When once more she found herself on that wide bed, Appa lay beside her with his eyes closed, his pajama bottoms pulled up and reknotted at the waist. She slid her legs off the bed and shuffled back to the bathroom, shutting and locking and bolting the door behind her before switching on the light.
Before Appa fell asleep he saw her feet in the sliver of light under the bathroom door, immobile, probably rooted to the floor in front of the mirror, probably cold. It was minutes before she stepped away towards the toilet.

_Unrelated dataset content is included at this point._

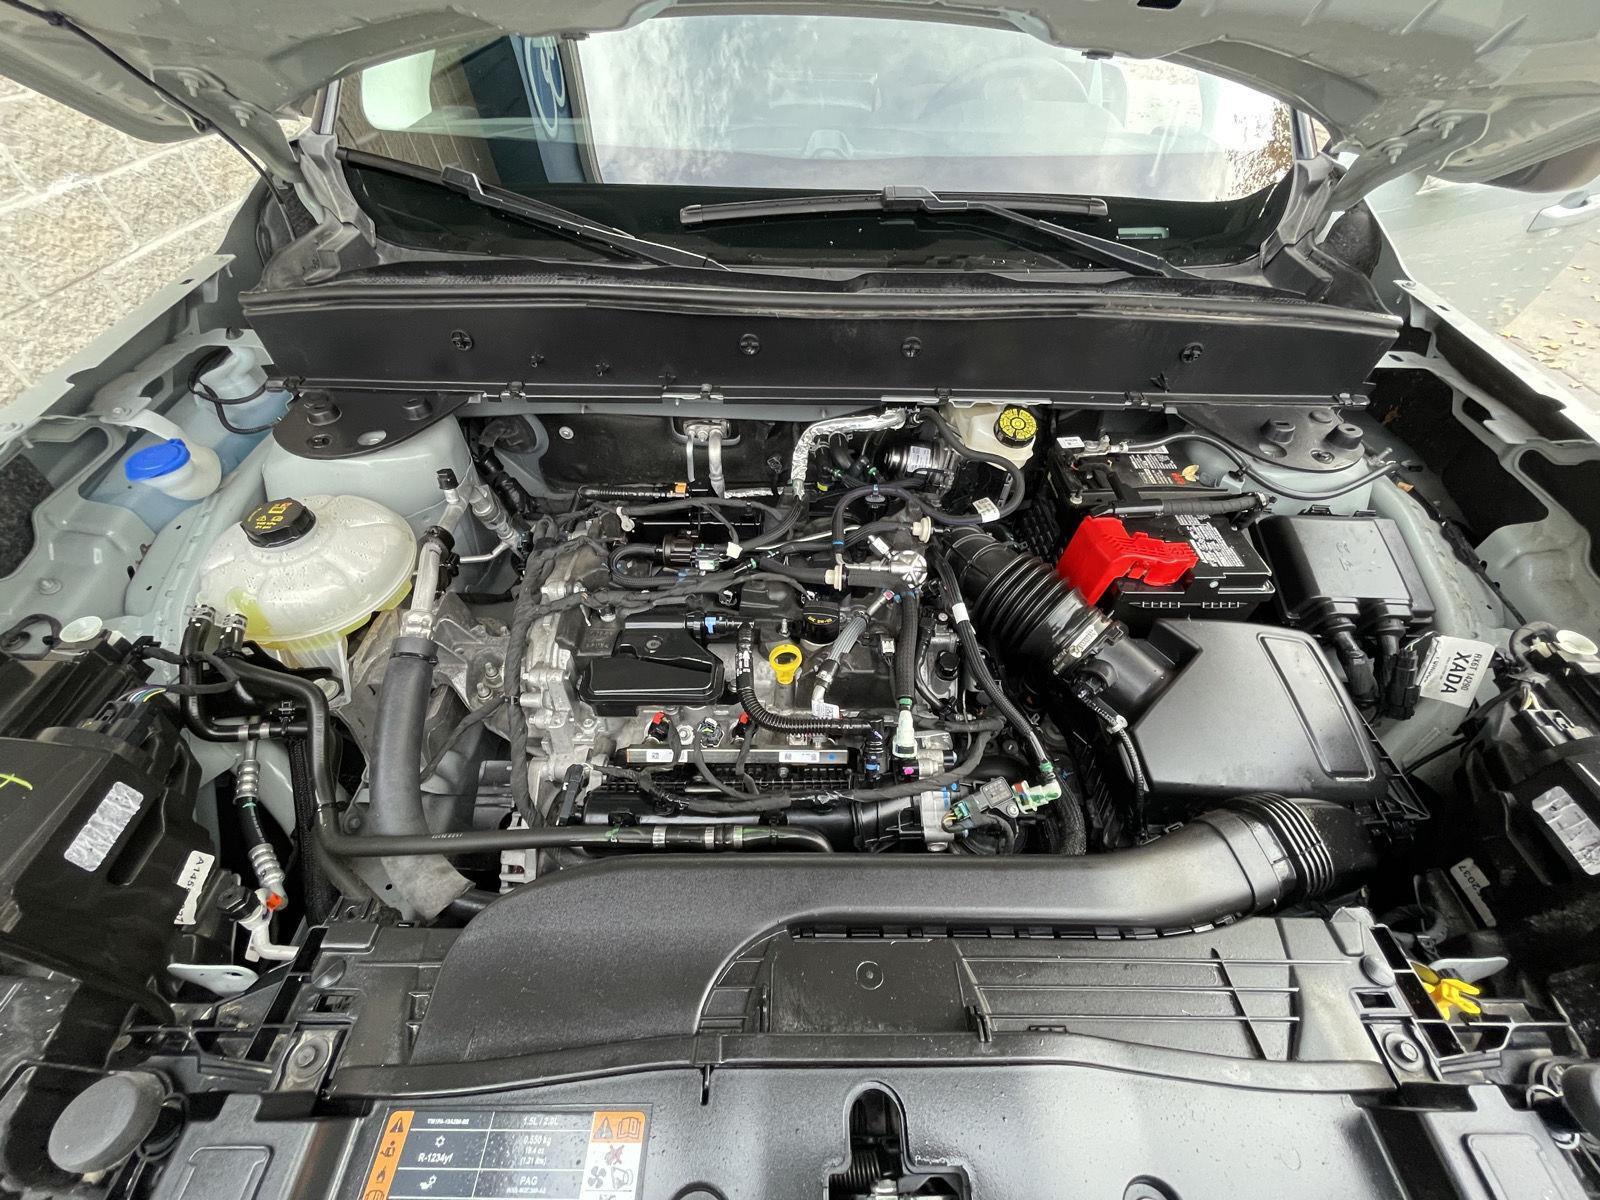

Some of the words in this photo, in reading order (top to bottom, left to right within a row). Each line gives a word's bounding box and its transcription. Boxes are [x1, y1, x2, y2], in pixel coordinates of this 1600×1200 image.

[1440, 651, 1472, 693] XADA
[186, 856, 204, 891] A145
[418, 1152, 454, 1165] R-1234yf
[520, 1176, 538, 1186] PAG

APPA COULD NOT easily concede defeat or a failure of judgment: when Tomorrow N
ight was no better, he put his faith in the next night, and the next, and the one after that, until, a month and a half after their wedding, he found himself once more—and this time with unmitigated longing—thinking of the girl with whom he'd shared a roast chicken in bed. He still could not remember her name, but this time the vision of her slipping on her batik housedress and wooden clogs turned on a tap inside him, turned it so very slightly that it only dripped at first: one night he caught himself staring at Lily Rozells's panty line under her silk trousers, the next night he noticed how long and hard Nalini Dorai laughed at even the worst of his jokes, and about two weeks afterwards he realized with a jolt that the droll angle of Claudine Koh's eyebrows whenever she looked at him was nothing but an invitation cloaked in irony. He made no move to confirm or accept this invitation, but the tap continued to drip, and then to trickle, and finally to run steadily, sapping his hope that his nights and days with Amma would improve. Two months into their marriage, Amma still sat at attention at the dining table, knees pressed together, dabbing nervously at her mouth between bites whether or not Paati was present. Beads of sweat still broke out on her brow whenever either one of them had to use the bathroom while the other was in the room; when once he'd left the door open a crack while urinating, he came out to find her practically trembling at her dressing table, the damp hair at her temples curled into tight corkscrews from the shame. Her terror was as inconvenient as a small child's fear of its own shadow, for it was as impossible for her to shake off what made her hair stand on end: the human body, its varicolored viscous and runny fluids, its gradual absorptions and sudden expulsions, all the unconcealable noises of its flawed workings.
It wouldn't have mattered, Appa was to reflect later. None of that would've mattered if she hadn't been so stupid. He'd be lying to himself, of course. Had she been a genius, she would still have driven him to lascivious despair. That despair merely arrived more quickly because there was nothing behind her innocence after all, no raw proletarian wisdom for him to draw out and sculpt. When he brought her with him to official and social gatherings—for now that she was his wife, there was no hiding her from the likes of Lily and Nalini and Claudine—she stood around holding her drink in both hands, rewarding their ferocious curiosity with one-word answers. It was true these miniskirted, cigarette-puffing women and all their lushly side-burned firebrand boyfriends were daunting at first; Appa did his best to protect Amma from their clutches, answering for her, keeping his arm around her shoulder, steering her towards safer clusters of people whenever possible. She'd get used to his friends eventually, he thought. Even if she couldn't match their ideas, she'd think of questions to ask. But when, after half a dozen gatherings, she still hadn't thought of questions, he found his pity shifting, sliding slowly towards his old friends. He'd never thought he'd pity them, of all things, and yet how awkward it was for them to find this prudish, Form Five–educated girl planted in their midst.